The answer is an exact repetition of every entry, with all images left out.

[INFORMATION PROVIDED — start]

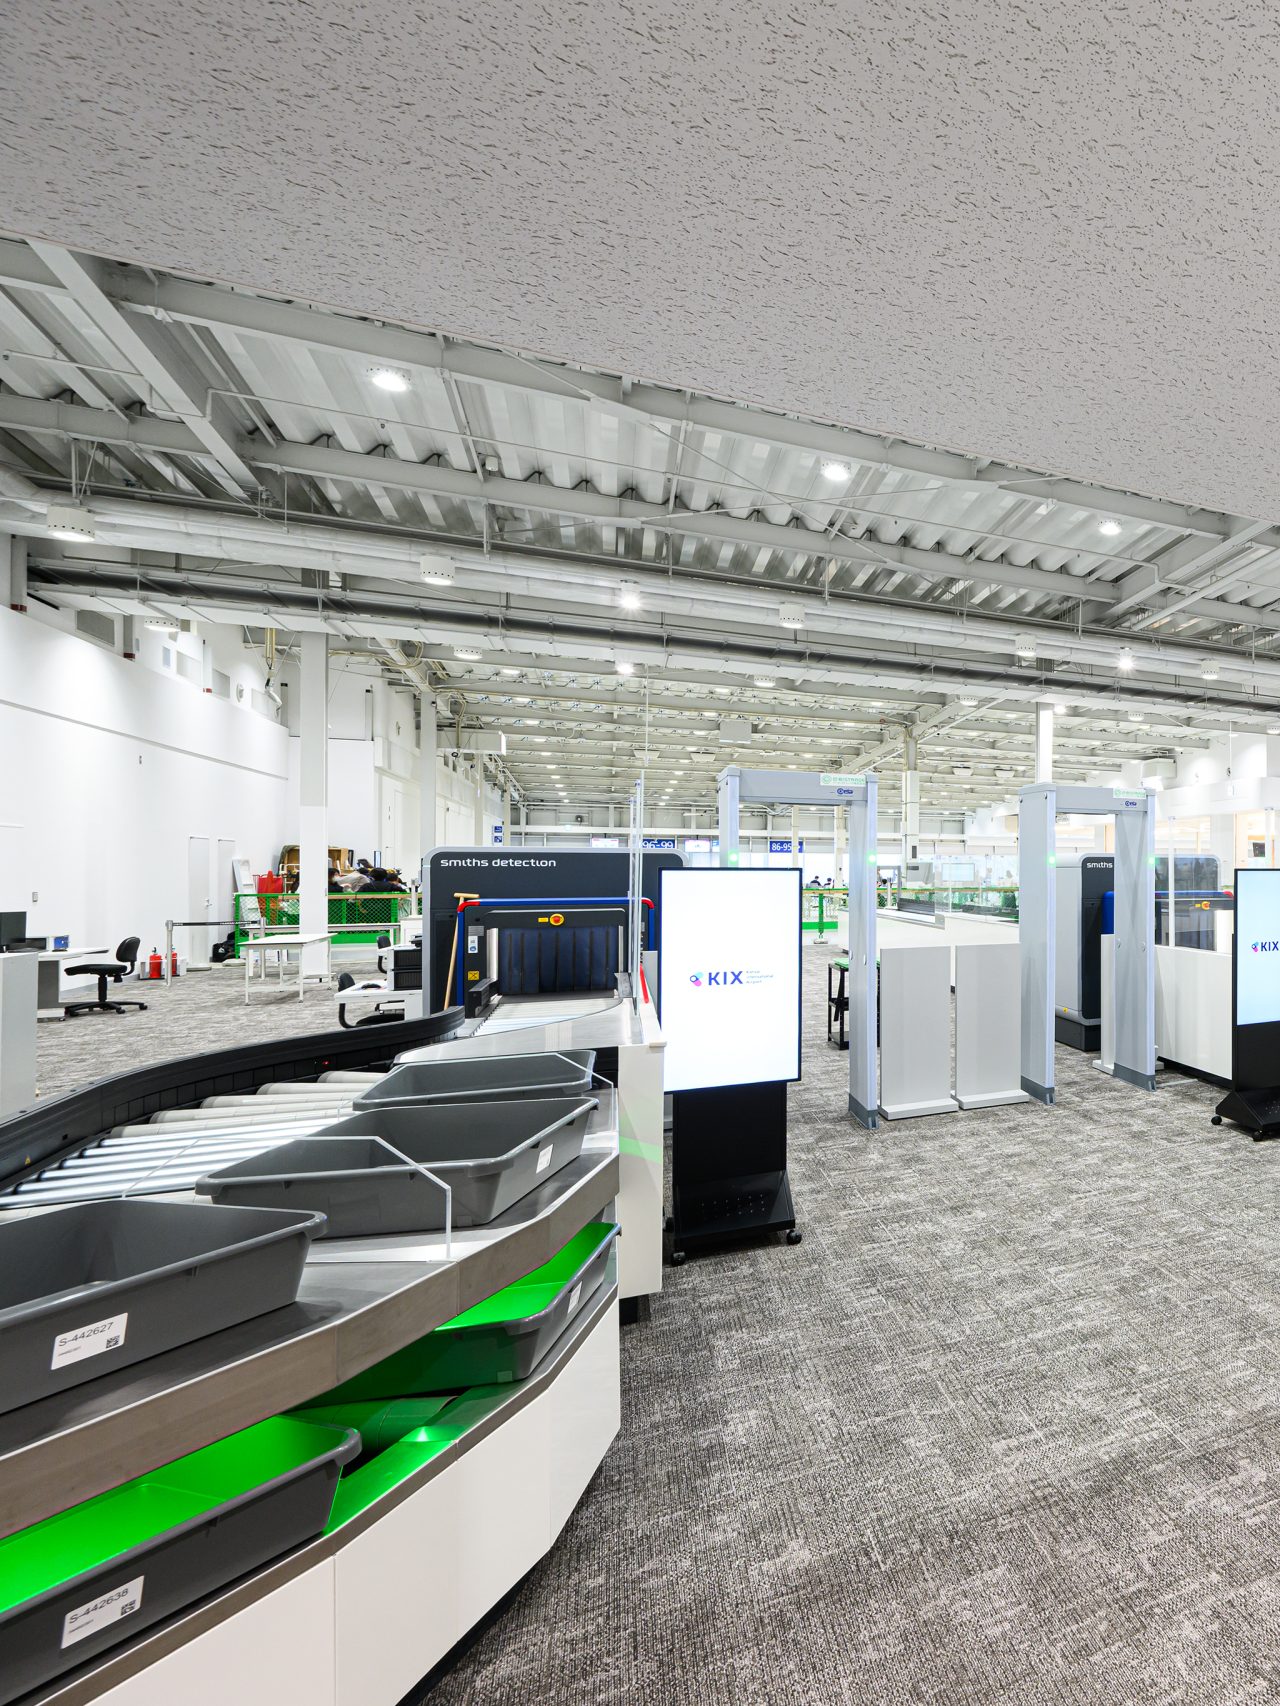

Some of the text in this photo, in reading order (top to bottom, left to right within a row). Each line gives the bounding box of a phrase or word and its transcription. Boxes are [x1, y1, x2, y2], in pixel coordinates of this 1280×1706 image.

[771, 842, 792, 851] 86-95
[440, 858, 557, 867] smiths detection
[1086, 861, 1113, 869] smiths
[1261, 941, 1279, 951] KIX
[708, 971, 743, 986] KIX
[58, 1322, 114, 1346] S-442627
[69, 1588, 128, 1624] S-442638
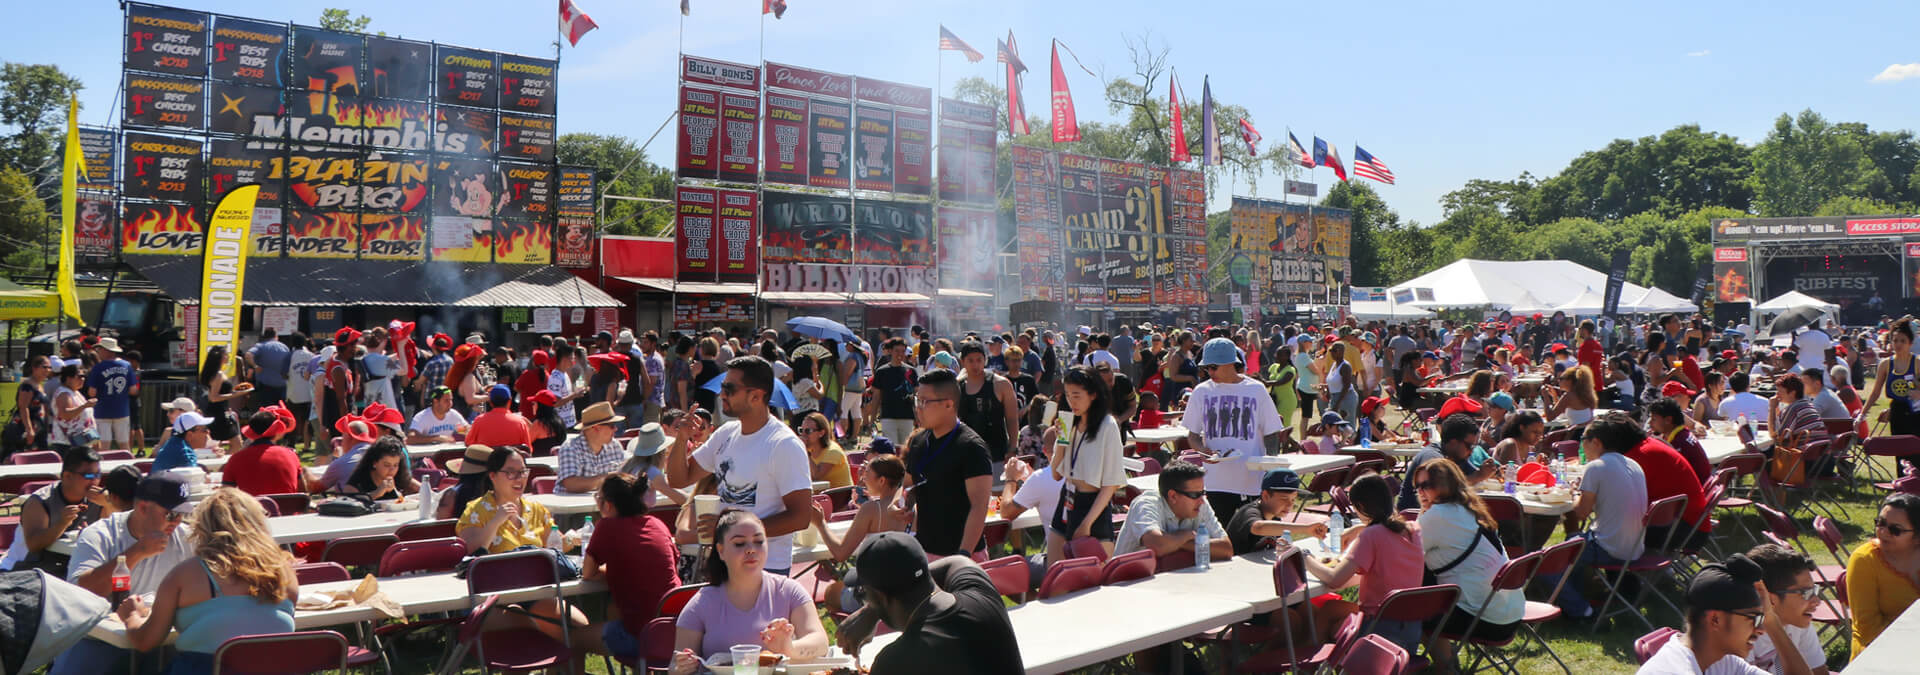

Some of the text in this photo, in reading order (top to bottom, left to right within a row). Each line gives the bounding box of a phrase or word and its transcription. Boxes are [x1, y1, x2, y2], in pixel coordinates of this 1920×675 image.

[163, 32, 191, 43] BEST
[152, 42, 201, 56] CHICKEN
[240, 45, 269, 56] BEST
[240, 56, 267, 68] RIBS
[688, 61, 754, 81] BILLY BONES
[164, 93, 188, 102] BEST
[154, 101, 197, 112] CHICKEN
[687, 126, 713, 136] CHOICE
[728, 130, 752, 140] CHOICE
[246, 115, 469, 160] Memphis
[691, 136, 709, 145] BEST
[161, 157, 190, 168] BEST
[160, 168, 188, 180] RIBS
[508, 168, 549, 180] CALGARY
[1127, 166, 1168, 180] FINEST
[317, 184, 402, 208] BBQ
[684, 217, 712, 228] JUDGE'S
[1125, 186, 1169, 261] 31
[1851, 223, 1888, 233] ACCESS
[685, 228, 711, 238] CHOICE
[725, 229, 750, 240] CHOICE
[1065, 209, 1125, 252] CAMP
[137, 231, 203, 250] LOVE
[369, 239, 422, 256] RIBS!
[689, 238, 706, 248] BEST
[728, 240, 745, 249] BEST
[687, 248, 709, 258] SAUCE
[767, 264, 938, 293] BILLY BONES
[1792, 276, 1880, 291] RIBFEST
[105, 376, 127, 395] 19
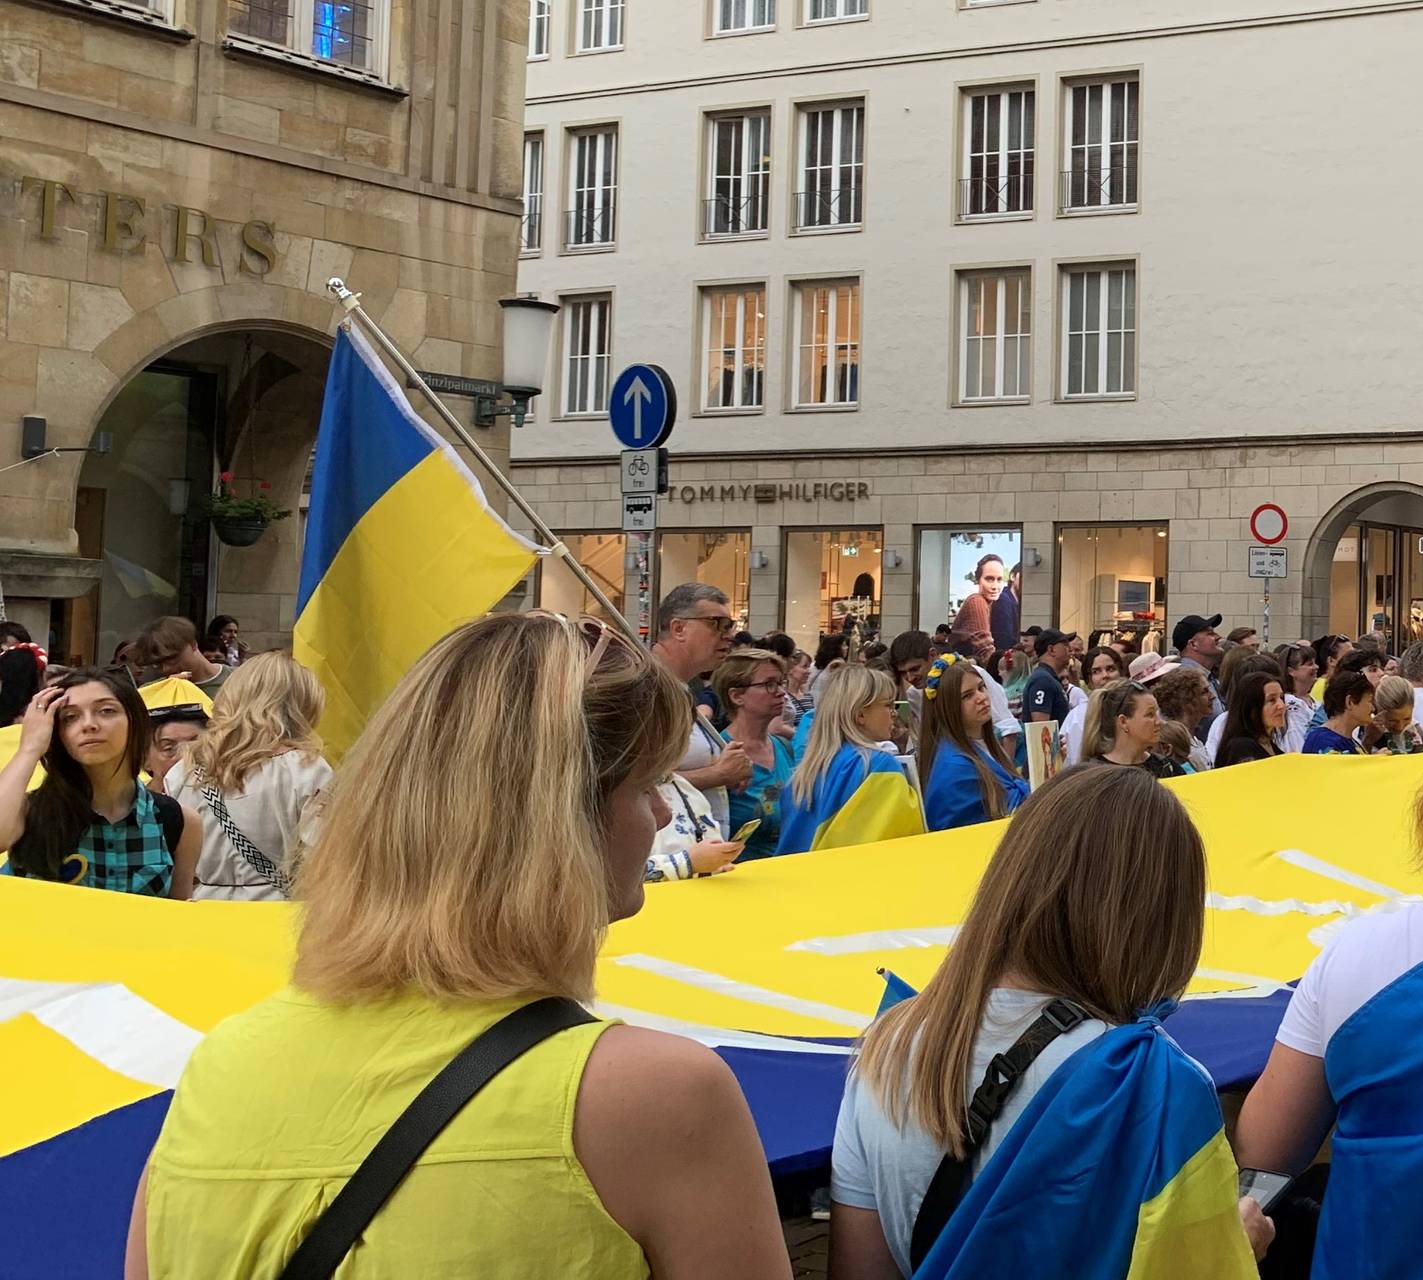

[INFORMATION PROVIDED — finish]

:: ANSWER TO THE EXERCISE ::
Some of the text in this photo, in reading order (top to bottom, left to right within a row). Each line gives the bounding box of a phrase or word and its transcription. Boxes are [x1, y1, x2, y2], in pixel coordinates of this 1280×1706 image.

[771, 842, 792, 851] 86-95
[440, 858, 557, 867] smiths detection
[1086, 861, 1113, 869] smiths
[1261, 941, 1279, 951] KIX
[708, 971, 743, 986] KIX
[58, 1322, 114, 1346] S-442627
[69, 1588, 128, 1624] S-442638

Some of the text in this photo, in reading order (top to bottom, left to right within a row). Each line gives the bounding box of a phrase or word and its transcription. Boxes are [x1, y1, x2, y2], in pixel coordinates of this 1920×675 image.

[163, 32, 191, 43] BEST
[152, 42, 201, 56] CHICKEN
[240, 45, 269, 56] BEST
[240, 56, 267, 68] RIBS
[688, 61, 754, 81] BILLY BONES
[164, 93, 188, 102] BEST
[154, 101, 197, 112] CHICKEN
[687, 126, 713, 136] CHOICE
[728, 130, 752, 140] CHOICE
[246, 115, 469, 160] Memphis
[691, 136, 709, 145] BEST
[161, 157, 190, 168] BEST
[160, 168, 188, 180] RIBS
[508, 168, 549, 180] CALGARY
[1127, 166, 1168, 180] FINEST
[317, 184, 402, 208] BBQ
[684, 217, 712, 228] JUDGE'S
[1125, 186, 1169, 261] 31
[1851, 223, 1888, 233] ACCESS
[685, 228, 711, 238] CHOICE
[725, 229, 750, 240] CHOICE
[1065, 209, 1125, 252] CAMP
[137, 231, 203, 250] LOVE
[369, 239, 422, 256] RIBS!
[689, 238, 706, 248] BEST
[728, 240, 745, 249] BEST
[687, 248, 709, 258] SAUCE
[767, 264, 938, 293] BILLY BONES
[1792, 276, 1880, 291] RIBFEST
[105, 376, 127, 395] 19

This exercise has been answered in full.